Nutritional Benefits
High in Protein: Lentils and eggs are a good source of plant-based and animal-based protein.
High in Fiber: Lentils are a great source of dietary fiber, which supports digestion.
Low in Carbs: This recipe is relatively low in carbs, making it suitable for low-carb diets.
Diet Information
Vegetarian: This recipe is perfect for vegetarians who include dairy in their diet.
Gluten-Free: Made with lentils instead of flour, this bread is naturally gluten-free.
Nutrition Facts (per serving)
Calories: 180
Protein: 8g
Carbs: 12g
Fat: 10g
Fiber: 3g
Sugar: 2g
Storage Tips

Refrigerate: Store leftover bread in an airtight container in the refrigerator for up to 3 days.
Freeze: Wrap slices individually in plastic wrap and freeze for up to 1 month. Thaw and reheat in the oven or toaster.
Why You’ll Love This Recipe
Nutritious and Delicious: Packed with protein, fiber, and healthy fats, this bread is nutritious and tasty.
Easy to Make: Simple ingredients and minimal prep make this recipe easy to make.
Versatile: Enjoy as a snack, side dish, or as part of a main meal.

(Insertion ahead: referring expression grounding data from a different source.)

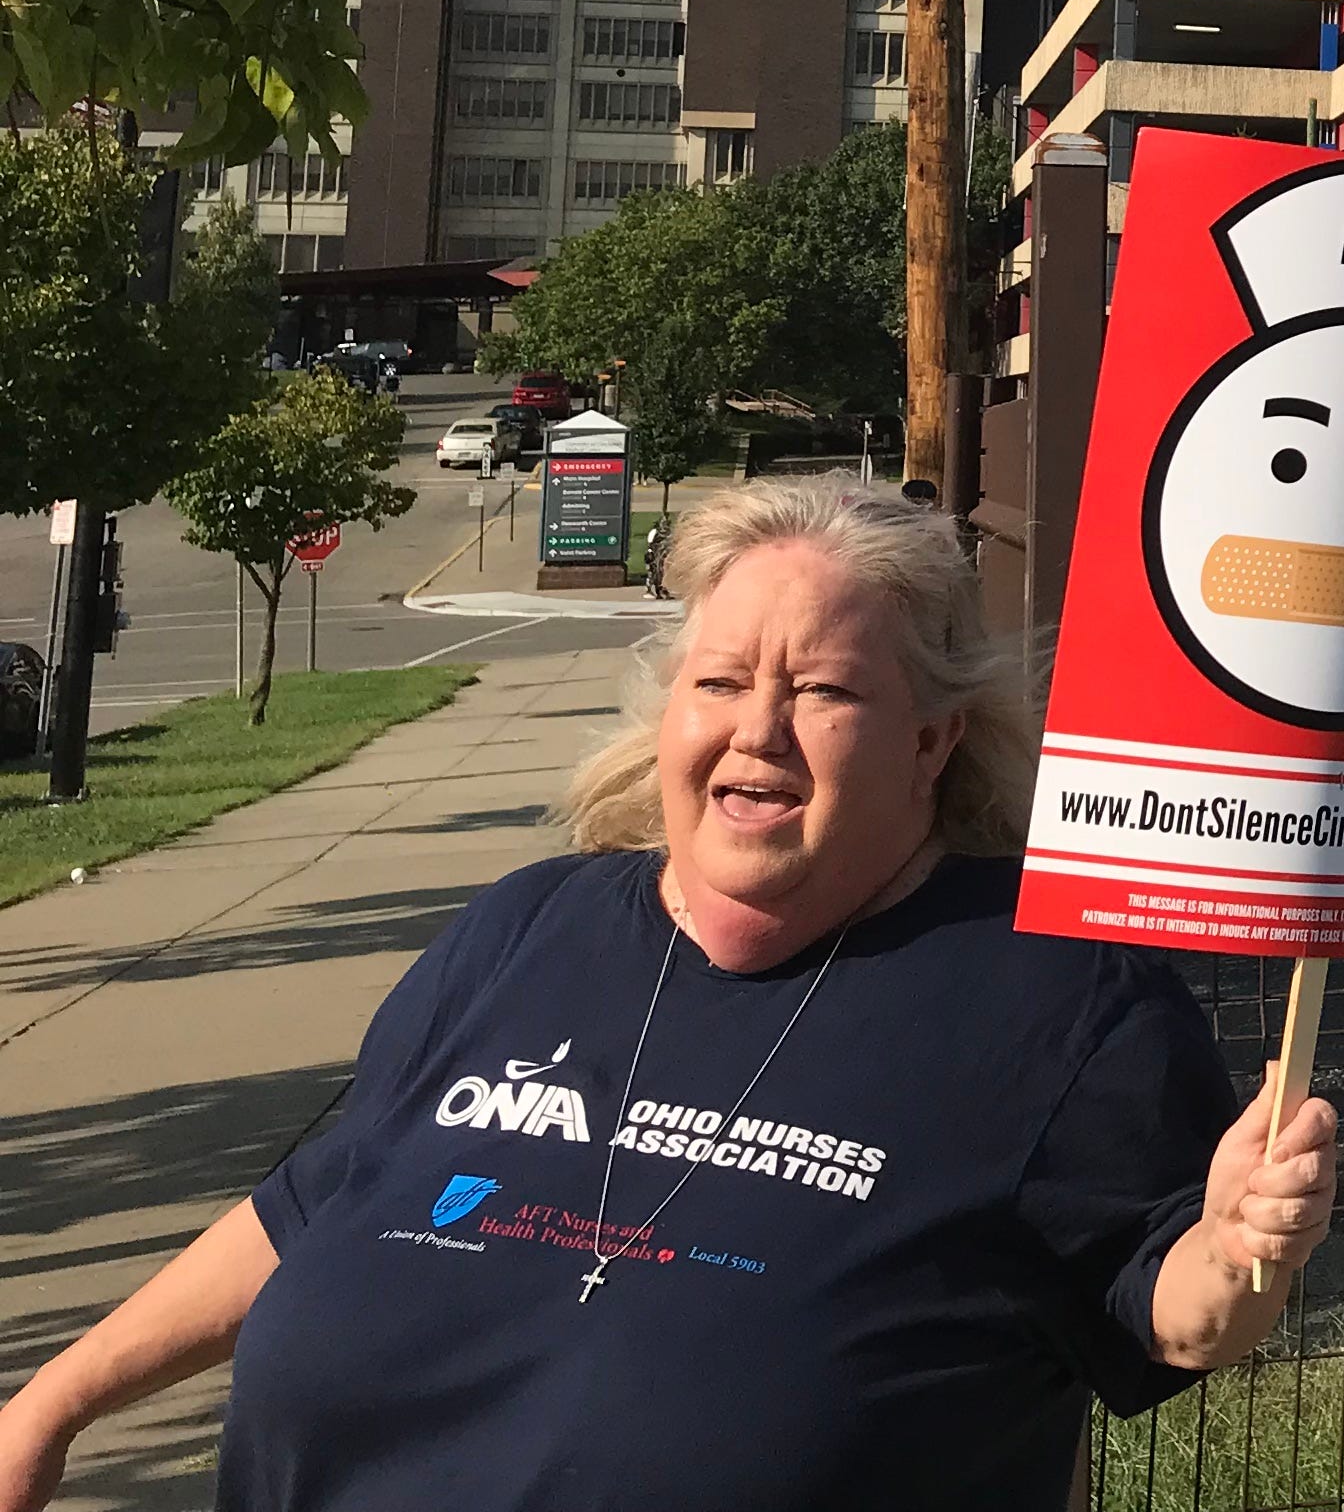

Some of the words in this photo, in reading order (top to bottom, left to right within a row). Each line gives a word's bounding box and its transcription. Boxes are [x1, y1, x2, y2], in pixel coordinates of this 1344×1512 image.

[1128, 894, 1147, 908] THIS
[1148, 896, 1186, 912] MESSAGE
[1188, 900, 1196, 913] IS
[1198, 901, 1213, 914] FOR
[1215, 902, 1279, 919] INFORMATIONAL
[1281, 908, 1320, 922] PURPOSES
[1082, 909, 1126, 927] PATRONIZE
[1128, 914, 1146, 928] NOR
[1146, 916, 1155, 930] IS
[1156, 917, 1165, 931] IT
[1166, 918, 1207, 935] INTENDED
[1208, 922, 1218, 936] TO
[1219, 924, 1249, 939] INDUCE
[1251, 926, 1269, 940] ANY
[1269, 928, 1309, 942] EMPLOYEE
[1310, 929, 1319, 942] TO
[436, 1076, 590, 1142] ONA
[628, 1099, 722, 1136] OHIO
[728, 1101, 886, 1173] NURSES
[609, 1125, 874, 1201] ASSOCIATION
[479, 1216, 535, 1240] Health
[514, 1203, 557, 1223] AFT
[558, 1210, 617, 1237] Nurses
[618, 1223, 655, 1241] and
[414, 1231, 429, 1245] of
[425, 1232, 486, 1253] Professionals
[688, 1246, 728, 1266] Local
[728, 1256, 767, 1275] 5903

Great for Meal Prep: Make ahead and store in the refrigerator or freezer for a quick, healthy option anytime.
Conclusion
This savory lentil bread is a wonderful addition to your recipe collection, especially if you’re looking for something healthy, easy, and satisfying. The blend of lentils, yogurt, and cheese creates a unique flavor profile that’s rich and savory. With its high protein content and delicious texture, it’s perfect for any meal of the day. Whether you enjoy it fresh from the oven or warmed up from the freezer, this bread is sure to become a household favorite.

Frequently Asked Questions
Can I use red lentils instead of green or brown lentils?
Yes, you can use red lentils, but they tend to cook faster and may create a slightly different texture.
Can I make this recipe vegan?
You can replace the eggs with a flax or chia egg and use a dairy-free yogurt alternative.
What can I use instead of parmesan?
You can use any hard cheese like cheddar, gouda, or a dairy-free cheese.
Can I add other vegetables to the dough?
Yes, finely chopped spinach, grated zucchini, or bell peppers would be great additions.
How do I keep the bread from being too dense?
Make sure to stir the lentil mixture well and avoid over-mixing after adding the yeast.
Can I bake this batter in muffin tins?
Yes, this batter is perfect for making savory muffins. Set the baking time to 20-25 minutes.
Can I use other oils?
Yes, you can use any vegetable oil, coconut oil, or melted butter in place of the olive oil.
How can I spice up the bread?
Add red pepper flakes, chopped jalapeños, or a little hot sauce to the batter.
Can I leave out the sesame seeds?
Yes, the sesame seeds are optional, but they add a nice crunch and flavor to the bread.
Do I need to soak the lentils?
Yes, soaking is essential to soften the lentils before blending and to aid digestion.